After, for the most part, reaching base at a very solid clip in the years 2010-2012, posting OBPs of .358, .328, and .380, he plummeted to .282 in 2013. Additionally, he saw his wRC+ decrease from 129 in 2012 to a dreadful 73 in 2013. Suddenly, he was dangerously close to being nothing more than a replacement-level player, posting an unimpressive WAR of 0.4 despite playing 142 games. This sharp decline coming just one season after achieving a WAR of 3.9, suggesting he was closer to stardom than replacement level. How did this happen to Murphy? While it is difficult to quantify the effect of, as Murphy puts it, “Putting pressure on myself to step into a role and play a bigger part in the offense,” one thing is for sure: Murphy had horrendous luck in 2013. The sabermetrics community is becoming increasingly aware that BABIP involves many factors besides a player’s luck, so perhaps Murphy’s putrid .220 BABIP cannot simply be written off as nothing more than bad fortune. Then again, perhaps it can, as Murphy also posted a .295 xBABIP, suggesting that he made solid enough contact to achieve roughly a league average BABIP.

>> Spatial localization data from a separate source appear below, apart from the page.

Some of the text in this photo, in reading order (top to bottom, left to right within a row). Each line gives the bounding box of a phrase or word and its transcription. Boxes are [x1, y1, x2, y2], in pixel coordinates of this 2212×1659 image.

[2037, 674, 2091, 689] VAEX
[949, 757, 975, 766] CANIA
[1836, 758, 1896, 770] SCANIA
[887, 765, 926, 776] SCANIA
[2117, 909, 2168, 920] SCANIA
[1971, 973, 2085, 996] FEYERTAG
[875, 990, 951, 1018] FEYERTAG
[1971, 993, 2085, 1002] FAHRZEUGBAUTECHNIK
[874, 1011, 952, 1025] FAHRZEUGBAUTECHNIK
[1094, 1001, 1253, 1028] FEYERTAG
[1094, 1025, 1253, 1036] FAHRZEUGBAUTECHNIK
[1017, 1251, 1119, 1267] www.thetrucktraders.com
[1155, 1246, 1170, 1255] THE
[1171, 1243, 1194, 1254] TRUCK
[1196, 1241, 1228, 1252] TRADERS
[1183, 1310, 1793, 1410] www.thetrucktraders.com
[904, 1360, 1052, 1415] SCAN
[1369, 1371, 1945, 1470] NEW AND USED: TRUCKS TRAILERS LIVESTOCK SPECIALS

This is especially important considering that, even in a down 2013 for Murphy, he still did a stellar job of putting the ball in play with a K% of 12.4 compared to the league average of 18.5. This of course suggests that, given his propensity to put the ball in play, an increased BABIP would yield even more dramatic results than it would for most players. To put into context just how impressive that strikeout rate is, it is superior to that of both Miguel Cabrera (14.4%) and Mike Trout (19%). By no means does this make Murphy a better player than Trout or Cabrera, as Murphy is no superstar, but he sure does avoid strikeouts like one.

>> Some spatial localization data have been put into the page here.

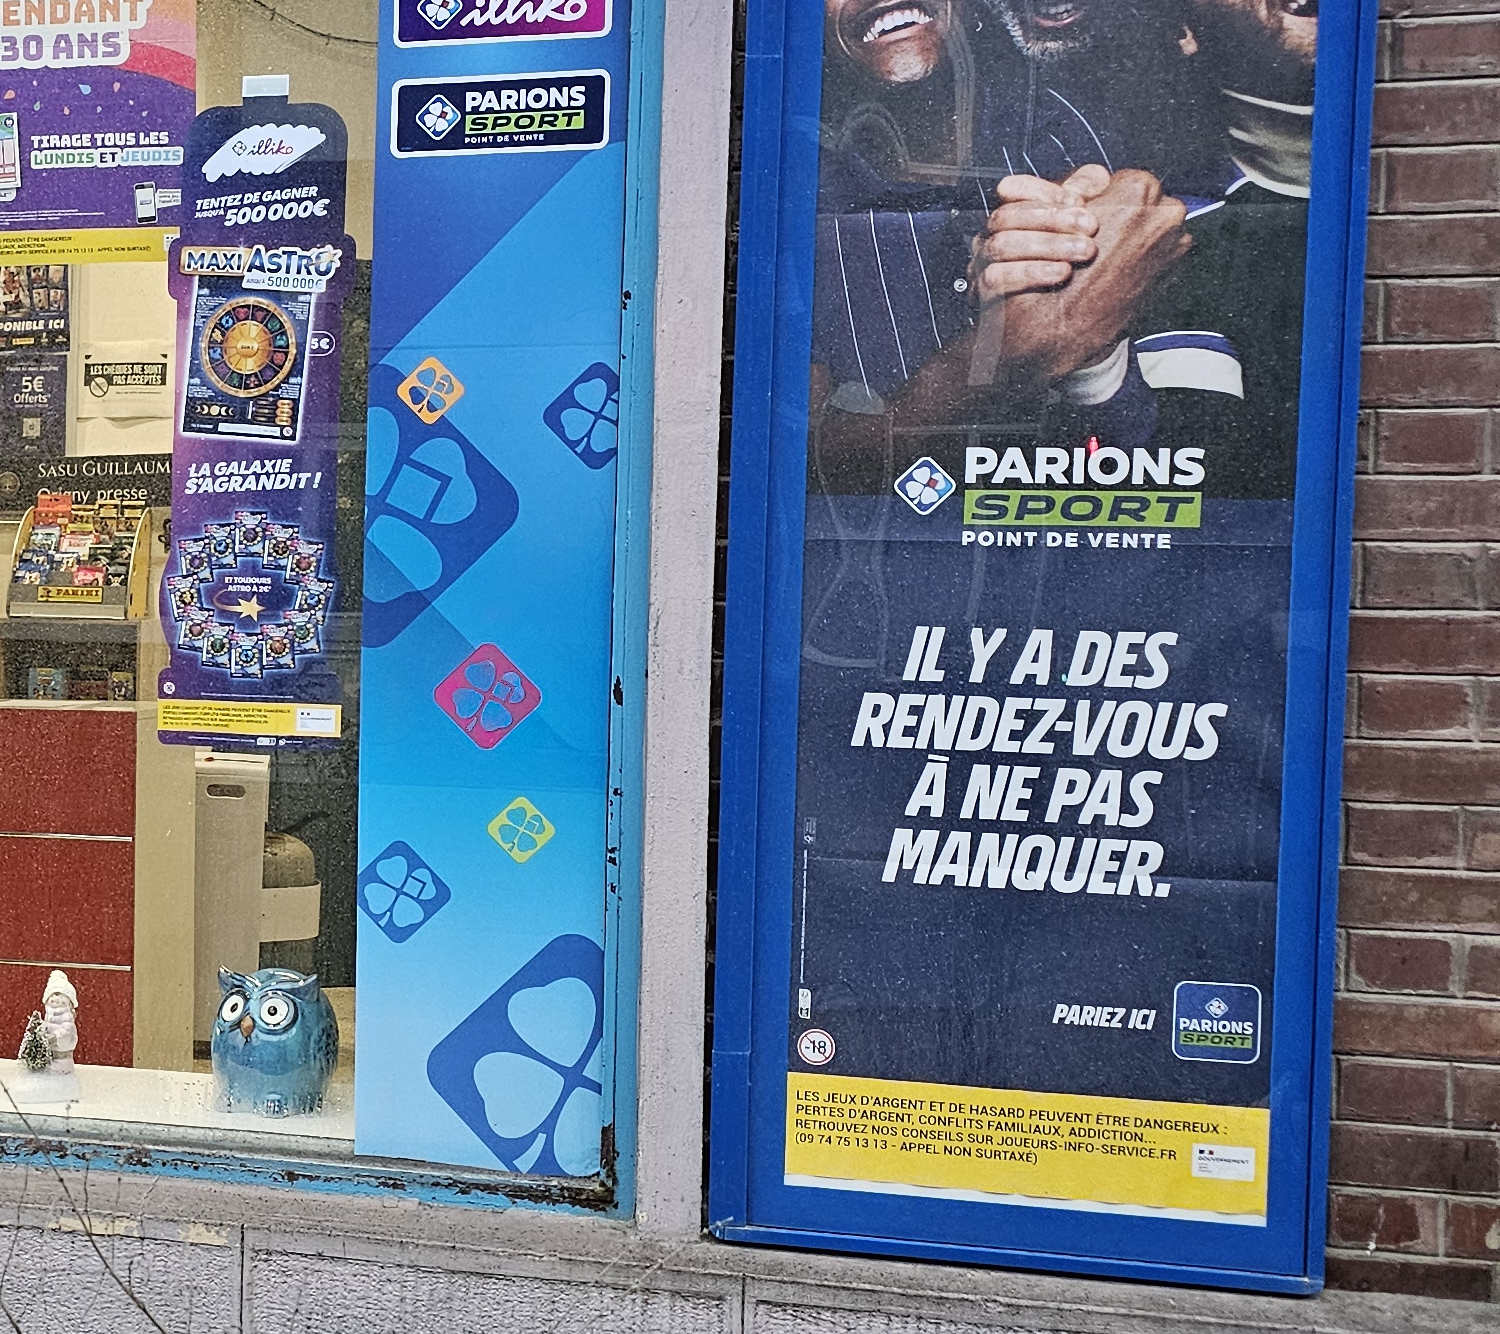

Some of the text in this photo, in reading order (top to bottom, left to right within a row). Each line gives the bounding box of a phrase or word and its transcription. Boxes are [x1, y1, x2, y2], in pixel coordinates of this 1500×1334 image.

[1, 31, 122, 61] 30 ANS
[466, 86, 586, 111] PARIONS
[469, 112, 581, 131] SPORT
[31, 132, 169, 148] TIRAGE TOUS LES
[247, 138, 293, 156] illiko
[465, 135, 494, 143] POINT
[34, 150, 181, 166] LUNDIS ET JEUDIS
[196, 195, 241, 210] TENTEZ
[244, 192, 260, 203] DE
[262, 186, 318, 201] GAGNER
[224, 207, 266, 226] 500
[268, 199, 330, 221] 000€
[186, 248, 336, 276] MAXI ASTRO
[267, 277, 289, 287] 500
[49, 319, 64, 328] ICI
[310, 338, 330, 349] 5€
[90, 366, 102, 375] LES
[133, 365, 143, 374] NE
[144, 365, 162, 374] SONT
[22, 376, 44, 392] 5€
[113, 376, 126, 384] PAS
[14, 393, 47, 403] Offerts
[38, 462, 78, 477] SASU
[188, 459, 292, 477] LA GALAXIE
[965, 447, 1205, 485] PARIONS
[185, 473, 312, 494] S'AGRANDIT
[98, 488, 147, 501] presse
[971, 494, 1195, 523] SPORT
[962, 530, 1172, 549] POINT DE VENTE
[228, 585, 249, 593] ASTRO
[233, 577, 271, 585] TOUJOURS
[56, 589, 100, 597] PANINI
[902, 626, 1179, 689] IL Y A DES
[850, 691, 1229, 760] RENDEZ-VOUS
[904, 754, 1163, 827] À NE PAS
[882, 827, 1171, 897] MANQUER.
[1052, 1004, 1156, 1030] PARIEZ ICI
[1180, 1018, 1253, 1034] PARIONS
[1182, 1034, 1250, 1046] SPORT
[797, 1090, 1219, 1134] LES JEUX D'ARGENT ET DE HASARD PEUVENT ÊTRE DANGEREUX
[796, 1104, 1156, 1144] PERTES D'ARGENT, CONFLITS FAMILIAUX, ADDICTION...
[796, 1119, 1177, 1160] RETROUVEZ NOS CONSEILS SUR JOUEURS-INFO-SERVICE.FR
[795, 1133, 1038, 1165] (09 74 75 13 13 APPEL NON SURTAXÉ)

Not only does he put the ball in play, his power is not yet on the decline. While no one would describe David Murphy as a slugger, he’s no Ben Revere, either. For evidence of this, one need look no further than to his ISO, which has stood above what FanGraphs defines as the league average of .145 in all but one of his six full major league seasons. Obviously, he possesses a nice combination of good power and excellent contact skills. Furthermore, let’s say he posted a .295 BABIP to correlate with his xBABIP. As a result, his OBP would see an impressive uptick from .282 to a comparatively robust .332, just about in line with his career mark of.337. Or, in other words, only .007 points worse than Hunter Pence. Perception is a funny thing, isn’t it?

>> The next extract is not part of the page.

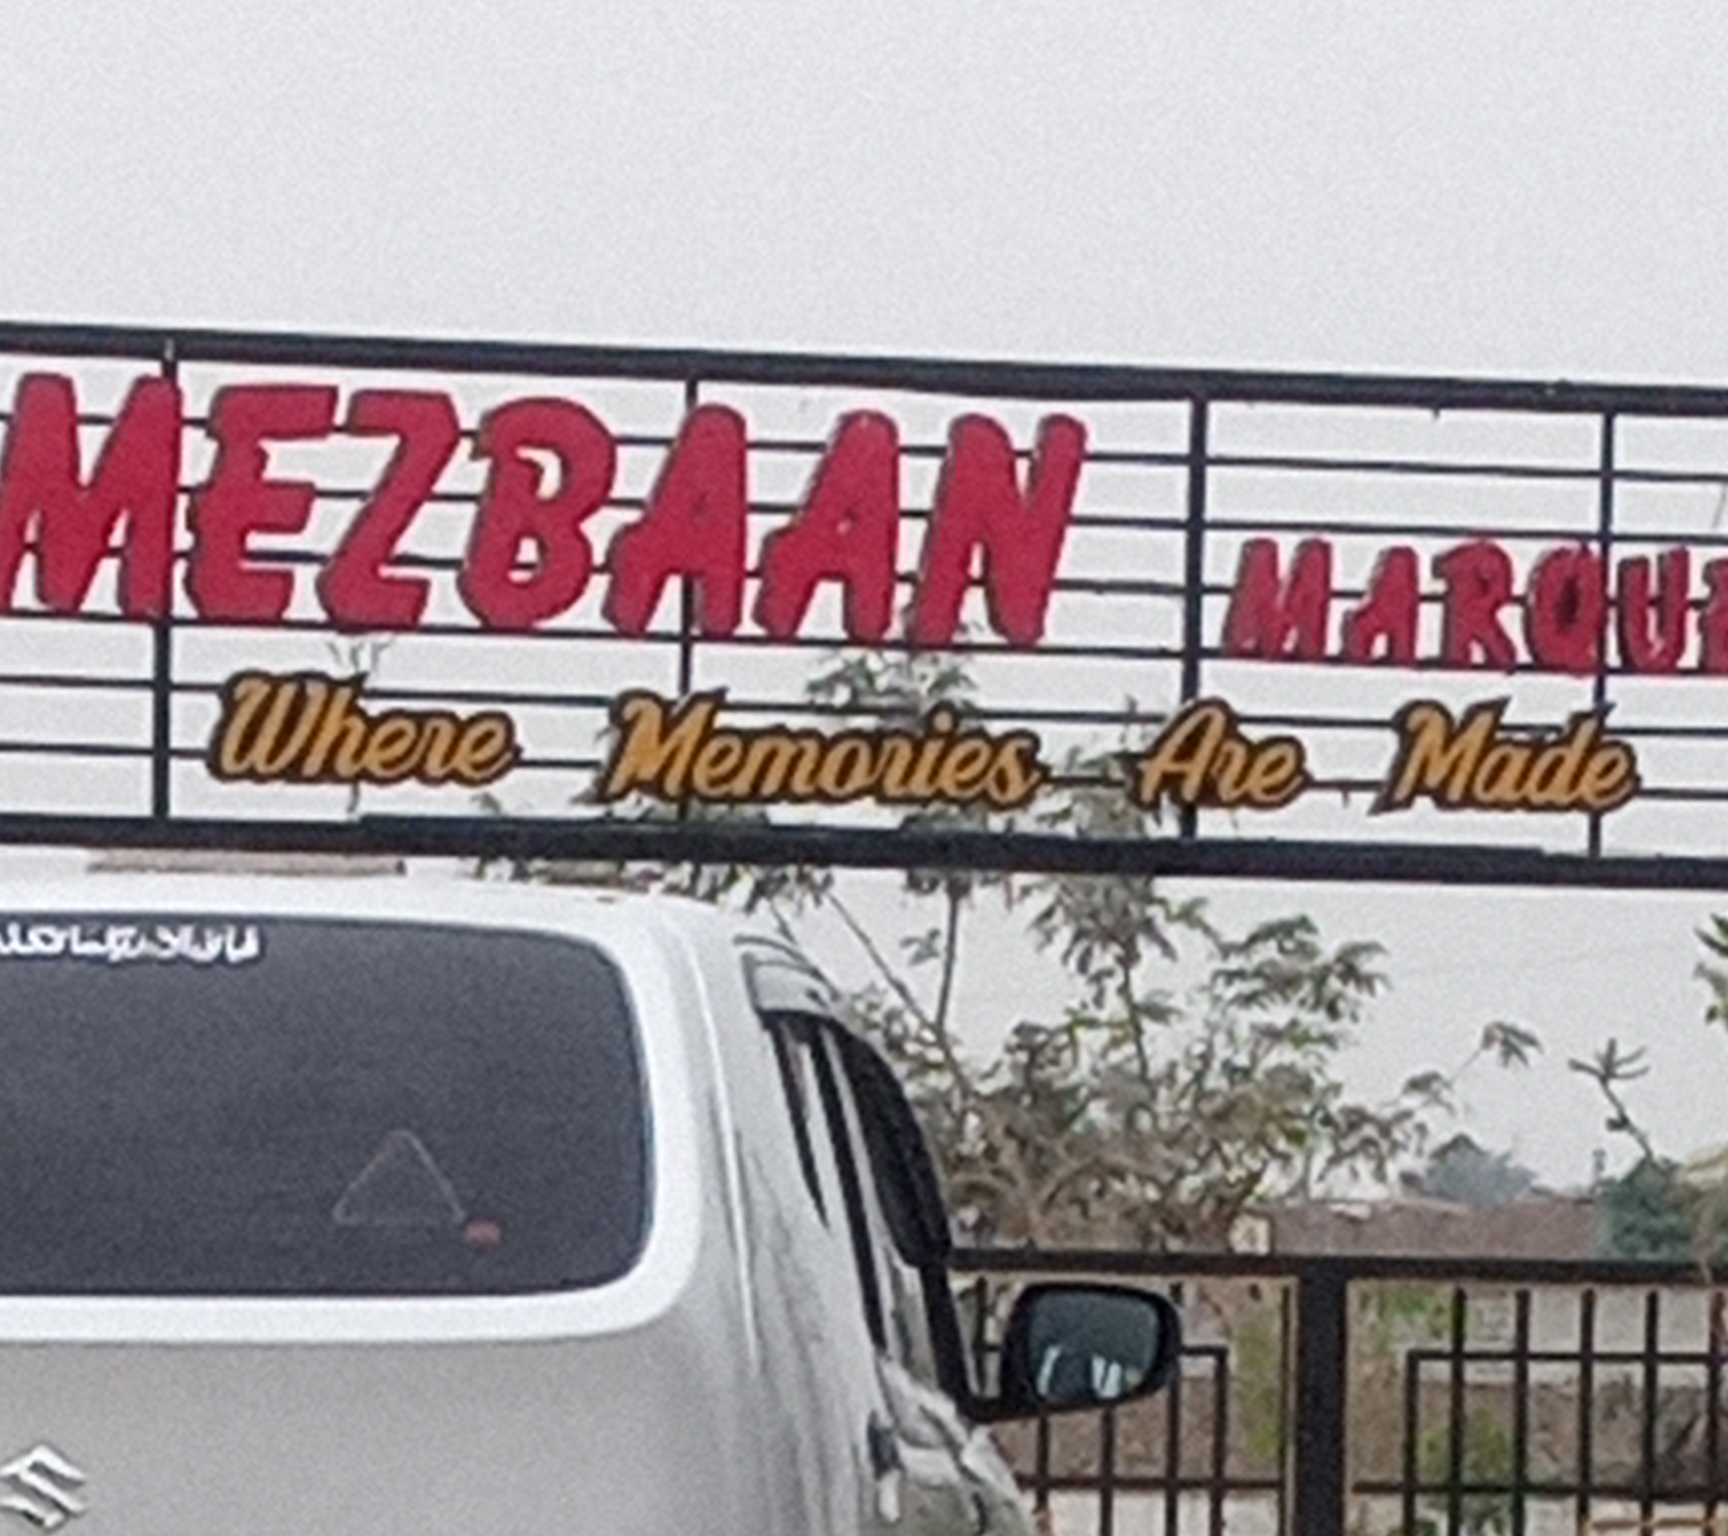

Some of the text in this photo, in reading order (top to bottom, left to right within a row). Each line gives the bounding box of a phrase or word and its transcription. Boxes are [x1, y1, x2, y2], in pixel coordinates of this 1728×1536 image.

Certainly, we are talking about a player who will see a healthy progression in his offense from last season to this, but what about Murphy’s defense? Well, it turns out he is steady with the glove as well. While he has played most of his career in left field, all signs point to him spending most of this season in right field for the Indians. This should be no problem, as his UZR/150 in right field of 10.3 for his career is a clear indicator that he is more than capable of manning the position. In fact, that mark is actually greater than his UZR/150 in left field, 6.1. These numbers do not quite reflect defensive wizardry, but as seems to be the case with almost every element of Murphy’s game, paint a picture of a solid, reliable player.
Assuming Murphy experiences an offensive rebound of sorts, as the numbers suggest he should, and continues his well-above-average glove work, one could reasonably project him to be worth somewhere between two and three wins this upcoming season. Considering that the price of one WAR is thought to be somewhere in the six million dollar range, and that Murphy will receive a six million dollar annual salary in his two-year pact with the Tribe, he has a chance to be worth in excess of two times what he is being paid. Simply put, this addition was a savvy one by GM Chris Antonetti. There have been flashier signings this offseason, and hindsight is 20/20, but perhaps in the year 2020, when the Mariners are still on the hook for 96 million dollars worth of 37 year old, near replacement level Robinson Cano, they and heavy-spending teams like them might wish they had chosen the route the Indians did this winter. The bargain bin isn’t sexy, but it will undoubtedly prove to be a wise, cost-effective approach for the Indians in the case of Murphy.